À l’aide d’électrophoresis en gel polyacrylamide bidimensionnel, séparez les ARN circulaires de leurs homologues linéaires. Tout d’abord, préparer un gel de polyacrylamide de cinq pour cent dans le tampon TBE et contenant huit urée molaire comme décrit dans le protocole de texte. Mélanger 20 microlitres des préparations arn avec un volume de tampon de chargement.
Incuber à 95 degrés Celsius dans un bloc chauffant pendant 1,5 minutes, puis se rafraîchir sur la glace. Chargez les échantillons dans le gel polyacrylamide et exécutez l’électrophorèse aux conditions appropriées pour la dimension gel.

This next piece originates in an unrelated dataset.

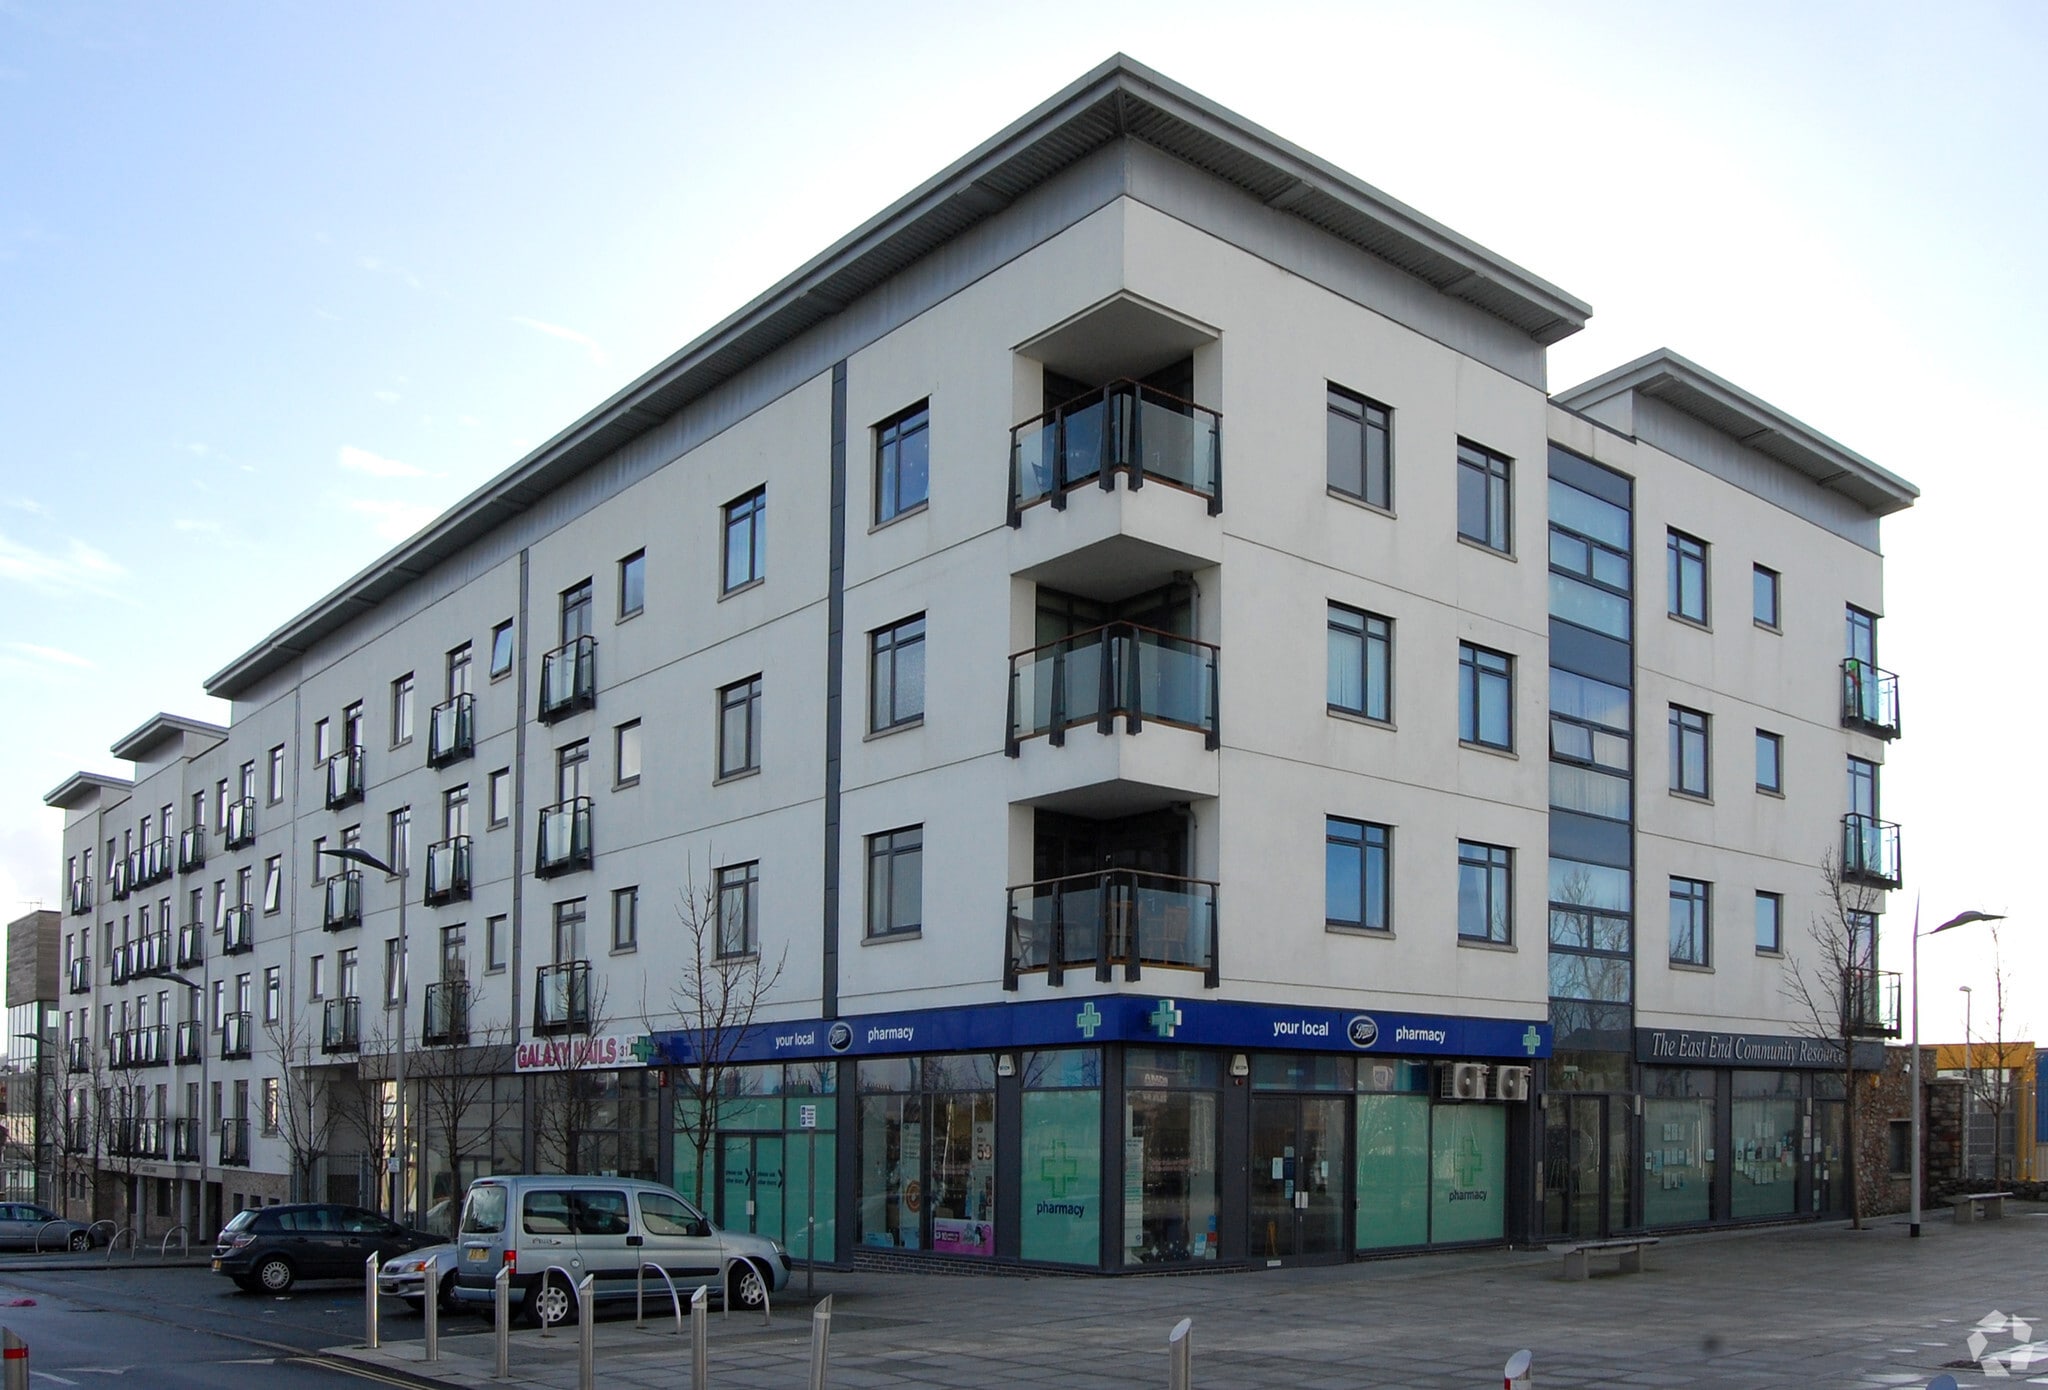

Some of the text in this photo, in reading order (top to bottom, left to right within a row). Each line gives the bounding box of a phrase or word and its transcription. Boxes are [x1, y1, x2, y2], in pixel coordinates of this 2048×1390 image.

Après cela, tacher le gel en 0,5 microgramme par bromure d’éthidium millilitre pendant 15 minutes.
Laver le gel taché avec de l’eau, puis visualiser l’ARN sous la lumière UV. L’analyse électrophoretic de plusieurs plasmides recombinants dans lesquels différents CDNAs sont insérés montrent différentes migrations par rapport à pLELVd-BZB. Notez que pLELVd-BZB contient le marqueur lacZ, qui est remplacé par l’ADNC correspondant à l’ARN d’intérêt, de sorte que si la migration dépend de la taille de l’ADNC inséré, les plasmides recombinants migrent généralement plus rapidement que le plasmide de contrôle.
La production de l’ARN recombinant dans les cultures bactériennes co-électroporées est surveillée en cassant les cellules et en analysant l’ARN en dénaturant PAGE. Des bandes fortes peuvent être vues qui correspondent à des ELVd vides et à des formes chimériques d’ELVd, dans lesquelles différents ARN d’intérêt ont été insérés. Fait intéressant, une fraction importante de l’ARN recombinant est considérée comme une forme circulaire.

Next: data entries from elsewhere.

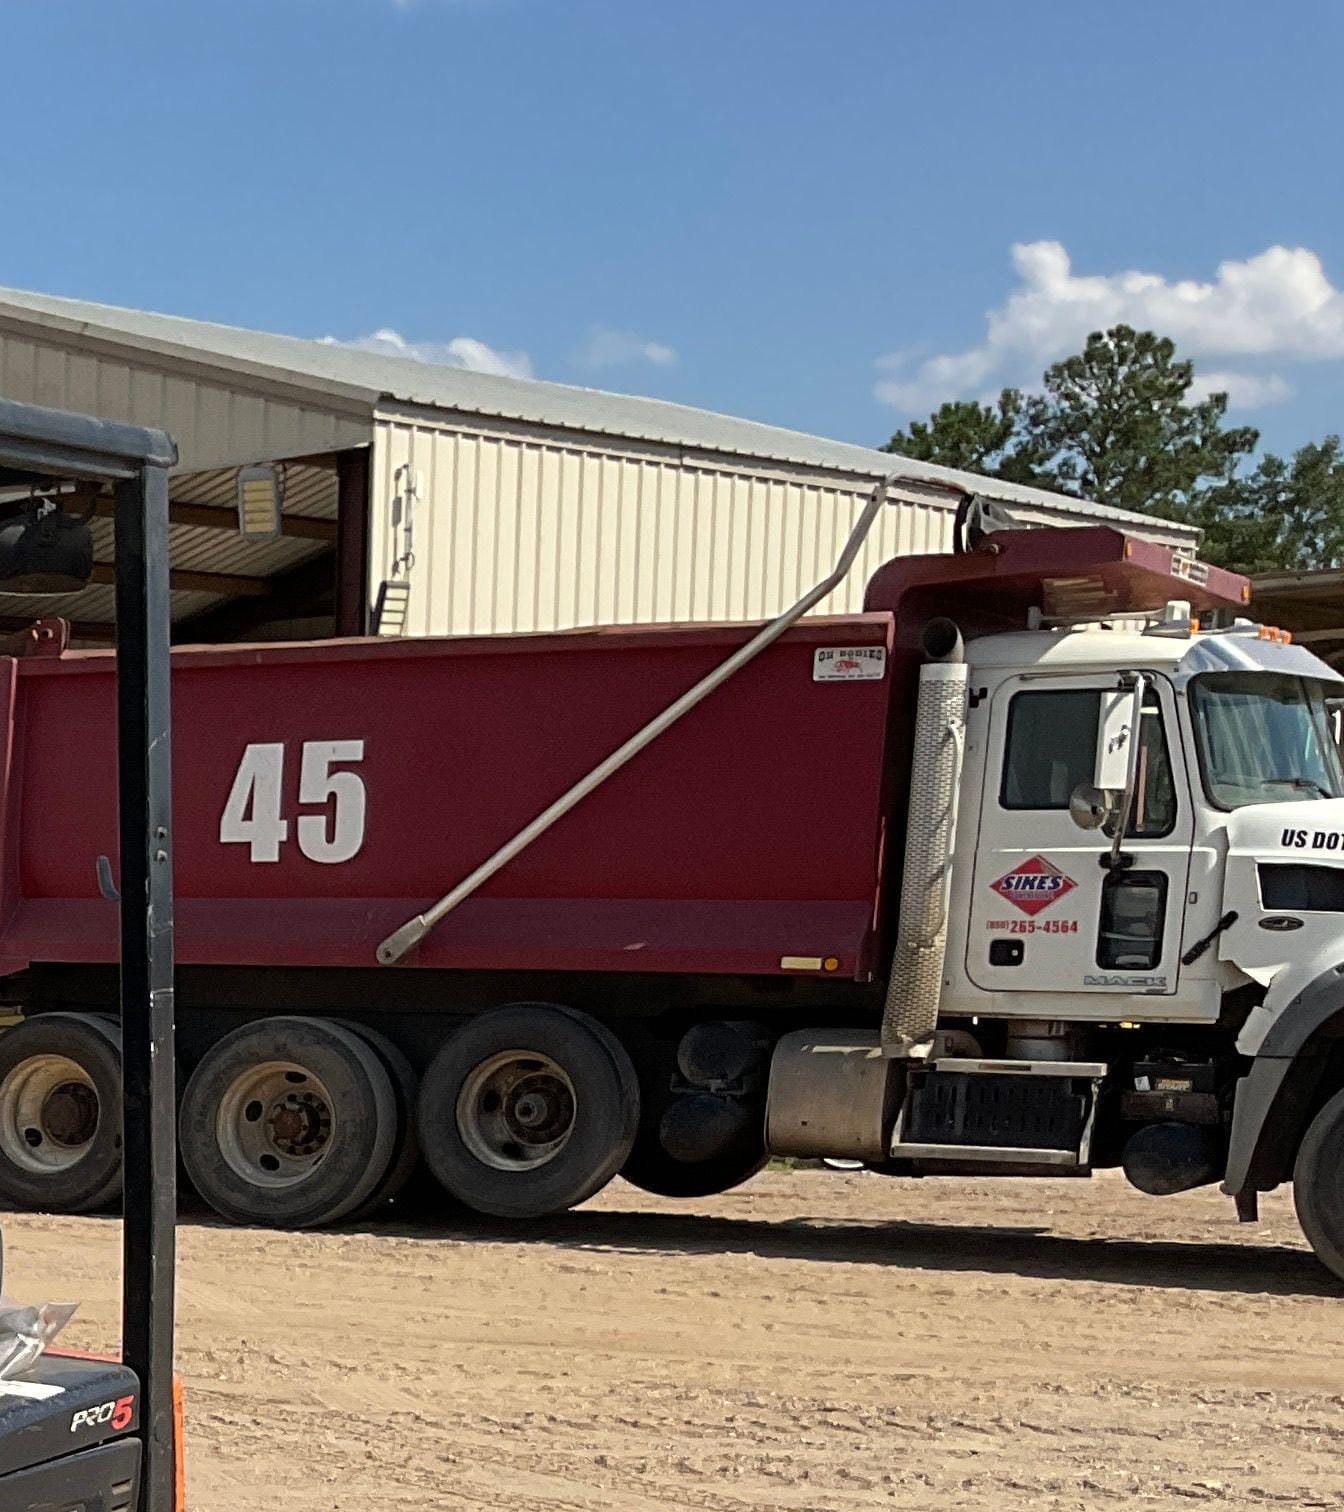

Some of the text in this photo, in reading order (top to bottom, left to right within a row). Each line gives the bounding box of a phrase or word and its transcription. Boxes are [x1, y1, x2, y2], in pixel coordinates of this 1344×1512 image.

[219, 739, 367, 864] 45
[1281, 828, 1344, 851] US DO
[1001, 875, 1063, 890] SIKES
[1010, 920, 1079, 933] 265-4564
[1083, 975, 1167, 987] MACK

La circularité de la fraction principale est observée en utilisant une combinaison de deux PAGE dans des conditions de dénaturation à haute et basse résistance ionique. La préparation de l’ARN peut être encore purifiée par la chromatographie d’échange d’anion. Comme on le voit ici, l’ARN E.Coli est efficacement conservé à faible résistance ionique, et par la suite élucidé à haute résistance ionique, avec la plupart de l’ARN étant recueilli en fractions deux et trois.
L’ARN recombinant peut être encore purifié à l’homogénéité par électrophorèse 2D. Ce protocole permet la production facile de grandes quantités d’ARN recombinant dans Escherichia coli et la purification à l’homogénéité grâce à la circularité du produit final. Rappelez-vous que l’ARN d’intérêt résulte intégré dans un échafaudage circulaire d’ARN dérivé d’un viroïde végétale.

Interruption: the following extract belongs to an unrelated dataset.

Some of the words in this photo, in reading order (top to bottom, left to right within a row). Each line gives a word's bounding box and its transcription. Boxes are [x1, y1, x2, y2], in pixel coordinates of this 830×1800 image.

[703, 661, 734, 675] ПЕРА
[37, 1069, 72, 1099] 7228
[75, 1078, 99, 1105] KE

Si vous souhaitez séparer les deux moieties, vous devez utiliser une stratégie standard, comme ribozymes, DNAzymes, ou RNase H.Le rendement de ce protocole dépend de l’ARN particulier d’intérêt, car les petits ARN sont susceptibles d’être produits en quantités plus élevées que les plus grandes. Pour les expressions à plus grande échelle, prenez en considération que le temps optimal pour récolter les bactéries dépend de nombreux facteurs, y compris la souche E.Coli, le milieu de culture et les conditions de croissance. Nous vous recommandons un test de cours préliminaire pour trouver la fenêtre de production optimale dans vos conditions particulières.
Rappelez-vous que les ARN recombinants s’accumulent dans les cellules bactériennes de façon transitoire, et qu’ils disparaissent complètement à la phase de croissance tardive.